Short Cist at Kilkeddan Farm, Argyll (McLaren et al, 2016)

This is a short cist burial in Western Scotland dating to around 2,100 B.C., maybe slightly older.  It probably contained a young man buried with a brown-reddish tripartite food vessel and a knife.
It's a very short paper. [here]
 
The food vessel has accidental barley corn impressions from the time it was made.  As you can see in the picture below the bowl was tilted and the liquid content settled and evaporated in the corner of the bowl.
 
 
This grave was probably re-opened in prehistory.  The fragmentary bones were also piled in a corner and the archaeologists have good reason to believe that the remains were moved to make room for another burial that didn't happen.  The edges of the stones were sealed with orange-colored clay so that the cist might have formed a sort of container.
 
 
 
As a side note.  Another paper will be coming out soon apparently showing evidence of excarnation on some EBA remains in Britain...

"Important evidence of both excarnation and possible re-burial of previously buried human remains was recognised by the partially articulated state of a number of the burials (Lelong in press)."
 
This excarnation fetish by the archaeological world is a little weird IMHO.  There's zero evidence for excarnation in the EBA that stands to scrutiny and it just doesn't seem to fit circumstances, mindset or intent of EBA burials.  But anyhow I look forward to seeing...

I suppose I what's so interesting about this burial is how directly tied to Ireland it is.  Comment by Allison Sheridan in the paper..

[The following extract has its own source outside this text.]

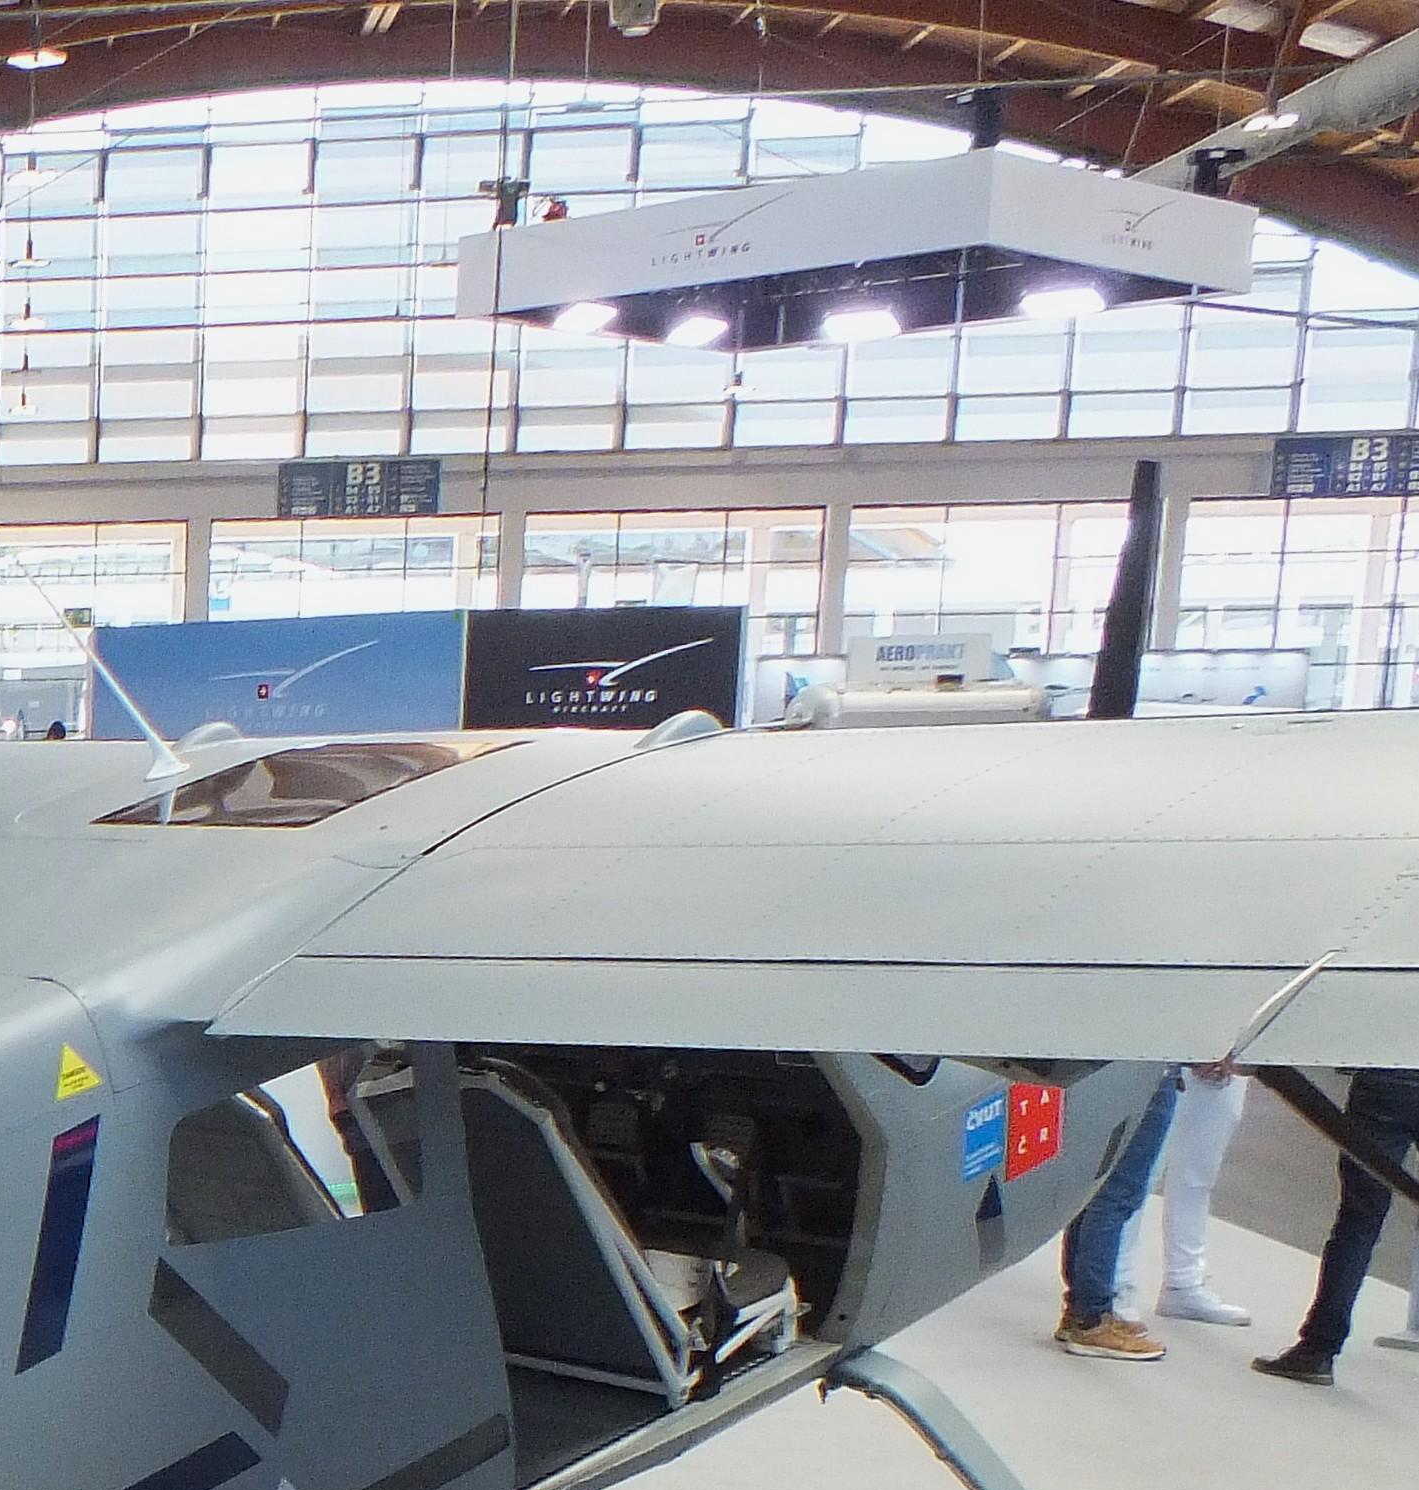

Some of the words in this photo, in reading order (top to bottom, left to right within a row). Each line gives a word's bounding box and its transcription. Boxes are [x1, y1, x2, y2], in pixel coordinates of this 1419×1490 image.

A Short Cist Burial at Kilkeddan Farm, Campbeltown, Argyll & Bute
Dawn McLaren and Donald Wilson (2016) [Link]
Summary
AOC Archaeology Group undertook the excavation of a previously unknown
Bronze Age cist, located in a field close to Kilkeddan Farm, Argyll & Bute,
during September 2005 under the Historic Scotland call-off contract for human
remains. The cist was found to contain poorly surviving unburnt human skeletal
remains along with a finely decorated tripartite Food Vessel and a flint knife. The
incomplete and fragmentary condition of the skeleton suggests that the human
remains were disarticulated at the time of deposition. Radiocarbon dates obtained
from the human bone and associated charcoal confirms an early Bronze Age date
for the burial.
Food Vessel categories and description "Prehistoric Pottery" by Alex Gibson [here]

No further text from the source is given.